» **What you need to do**
Write out every record below exactly, so that nothing differs from what is shown.

» **Supplied entries**
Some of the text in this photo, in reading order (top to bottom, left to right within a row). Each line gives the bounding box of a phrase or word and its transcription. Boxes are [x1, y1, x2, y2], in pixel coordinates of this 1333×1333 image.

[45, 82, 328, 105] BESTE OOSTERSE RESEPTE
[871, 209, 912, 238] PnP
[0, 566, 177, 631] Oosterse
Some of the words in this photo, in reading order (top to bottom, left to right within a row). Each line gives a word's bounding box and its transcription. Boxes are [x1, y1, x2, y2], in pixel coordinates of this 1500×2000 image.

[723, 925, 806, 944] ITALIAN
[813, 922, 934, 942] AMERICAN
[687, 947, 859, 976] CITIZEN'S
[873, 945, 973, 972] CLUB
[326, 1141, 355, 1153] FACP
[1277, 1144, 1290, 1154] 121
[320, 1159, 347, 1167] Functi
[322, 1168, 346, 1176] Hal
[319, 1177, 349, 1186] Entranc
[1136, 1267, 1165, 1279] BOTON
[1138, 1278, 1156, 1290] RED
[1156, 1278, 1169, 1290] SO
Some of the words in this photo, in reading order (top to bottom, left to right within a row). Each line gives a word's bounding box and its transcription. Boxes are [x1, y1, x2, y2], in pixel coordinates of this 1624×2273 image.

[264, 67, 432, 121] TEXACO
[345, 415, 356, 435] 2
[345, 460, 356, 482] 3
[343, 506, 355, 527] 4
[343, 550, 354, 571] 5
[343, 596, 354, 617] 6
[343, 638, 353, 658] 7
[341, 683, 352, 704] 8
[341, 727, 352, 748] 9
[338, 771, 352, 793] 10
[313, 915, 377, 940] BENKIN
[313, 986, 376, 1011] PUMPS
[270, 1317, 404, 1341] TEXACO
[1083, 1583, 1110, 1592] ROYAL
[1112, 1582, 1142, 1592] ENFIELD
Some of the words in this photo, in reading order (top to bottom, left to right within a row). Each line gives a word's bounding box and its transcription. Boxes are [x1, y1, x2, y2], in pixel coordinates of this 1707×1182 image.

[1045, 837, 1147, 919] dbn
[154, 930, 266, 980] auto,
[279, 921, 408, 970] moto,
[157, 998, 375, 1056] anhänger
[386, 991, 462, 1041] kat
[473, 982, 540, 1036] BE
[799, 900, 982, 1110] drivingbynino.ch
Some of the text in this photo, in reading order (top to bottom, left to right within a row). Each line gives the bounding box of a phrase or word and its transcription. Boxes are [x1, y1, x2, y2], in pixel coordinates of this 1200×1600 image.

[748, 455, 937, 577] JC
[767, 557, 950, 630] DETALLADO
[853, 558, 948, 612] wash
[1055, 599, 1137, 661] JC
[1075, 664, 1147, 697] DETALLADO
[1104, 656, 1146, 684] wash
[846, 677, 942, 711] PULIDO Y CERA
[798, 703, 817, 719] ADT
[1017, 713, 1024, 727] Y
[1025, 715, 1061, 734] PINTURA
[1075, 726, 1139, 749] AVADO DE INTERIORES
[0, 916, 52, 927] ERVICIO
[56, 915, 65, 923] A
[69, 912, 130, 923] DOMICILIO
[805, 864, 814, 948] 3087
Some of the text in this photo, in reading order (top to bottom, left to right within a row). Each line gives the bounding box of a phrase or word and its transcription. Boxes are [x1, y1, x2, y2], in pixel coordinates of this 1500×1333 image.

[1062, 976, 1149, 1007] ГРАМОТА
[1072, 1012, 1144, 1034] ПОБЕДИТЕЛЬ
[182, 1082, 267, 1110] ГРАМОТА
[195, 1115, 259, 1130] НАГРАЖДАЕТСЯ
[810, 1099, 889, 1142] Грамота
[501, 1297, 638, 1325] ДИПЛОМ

» **Solved exercise**
Some of the text in this photo, in reading order (top to bottom, left to right within a row). Each line gives the bounding box of a phrase or word and its transcription. Boxes are [x1, y1, x2, y2], in pixel coordinates of this 1333×1333 image.

[45, 82, 328, 105] BESTE OOSTERSE RESEPTE
[871, 209, 912, 238] PnP
[0, 566, 177, 631] Oosterse
Some of the words in this photo, in reading order (top to bottom, left to right within a row). Each line gives a word's bounding box and its transcription. Boxes are [x1, y1, x2, y2], in pixel coordinates of this 1500×2000 image.

[723, 925, 806, 944] ITALIAN
[813, 922, 934, 942] AMERICAN
[687, 947, 859, 976] CITIZEN'S
[873, 945, 973, 972] CLUB
[326, 1141, 355, 1153] FACP
[1277, 1144, 1290, 1154] 121
[320, 1159, 347, 1167] Functi
[322, 1168, 346, 1176] Hal
[319, 1177, 349, 1186] Entranc
[1136, 1267, 1165, 1279] BOTON
[1138, 1278, 1156, 1290] RED
[1156, 1278, 1169, 1290] SO
Some of the words in this photo, in reading order (top to bottom, left to right within a row). Each line gives a word's bounding box and its transcription. Boxes are [x1, y1, x2, y2], in pixel coordinates of this 1624×2273 image.

[264, 67, 432, 121] TEXACO
[345, 415, 356, 435] 2
[345, 460, 356, 482] 3
[343, 506, 355, 527] 4
[343, 550, 354, 571] 5
[343, 596, 354, 617] 6
[343, 638, 353, 658] 7
[341, 683, 352, 704] 8
[341, 727, 352, 748] 9
[338, 771, 352, 793] 10
[313, 915, 377, 940] BENKIN
[313, 986, 376, 1011] PUMPS
[270, 1317, 404, 1341] TEXACO
[1083, 1583, 1110, 1592] ROYAL
[1112, 1582, 1142, 1592] ENFIELD
Some of the words in this photo, in reading order (top to bottom, left to right within a row). Each line gives a word's bounding box and its transcription. Boxes are [x1, y1, x2, y2], in pixel coordinates of this 1707×1182 image.

[1045, 837, 1147, 919] dbn
[154, 930, 266, 980] auto,
[279, 921, 408, 970] moto,
[157, 998, 375, 1056] anhänger
[386, 991, 462, 1041] kat
[473, 982, 540, 1036] BE
[799, 900, 982, 1110] drivingbynino.ch
Some of the text in this photo, in reading order (top to bottom, left to right within a row). Each line gives the bounding box of a phrase or word and its transcription. Boxes are [x1, y1, x2, y2], in pixel coordinates of this 1200×1600 image.

[748, 455, 937, 577] JC
[767, 557, 950, 630] DETALLADO
[853, 558, 948, 612] wash
[1055, 599, 1137, 661] JC
[1075, 664, 1147, 697] DETALLADO
[1104, 656, 1146, 684] wash
[846, 677, 942, 711] PULIDO Y CERA
[798, 703, 817, 719] ADT
[1017, 713, 1024, 727] Y
[1025, 715, 1061, 734] PINTURA
[1075, 726, 1139, 749] AVADO DE INTERIORES
[0, 916, 52, 927] ERVICIO
[56, 915, 65, 923] A
[69, 912, 130, 923] DOMICILIO
[805, 864, 814, 948] 3087
Some of the text in this photo, in reading order (top to bottom, left to right within a row). Each line gives the bounding box of a phrase or word and its transcription. Boxes are [x1, y1, x2, y2], in pixel coordinates of this 1500×1333 image.

[1062, 976, 1149, 1007] ГРАМОТА
[1072, 1012, 1144, 1034] ПОБЕДИТЕЛЬ
[182, 1082, 267, 1110] ГРАМОТА
[195, 1115, 259, 1130] НАГРАЖДАЕТСЯ
[810, 1099, 889, 1142] Грамота
[501, 1297, 638, 1325] ДИПЛОМ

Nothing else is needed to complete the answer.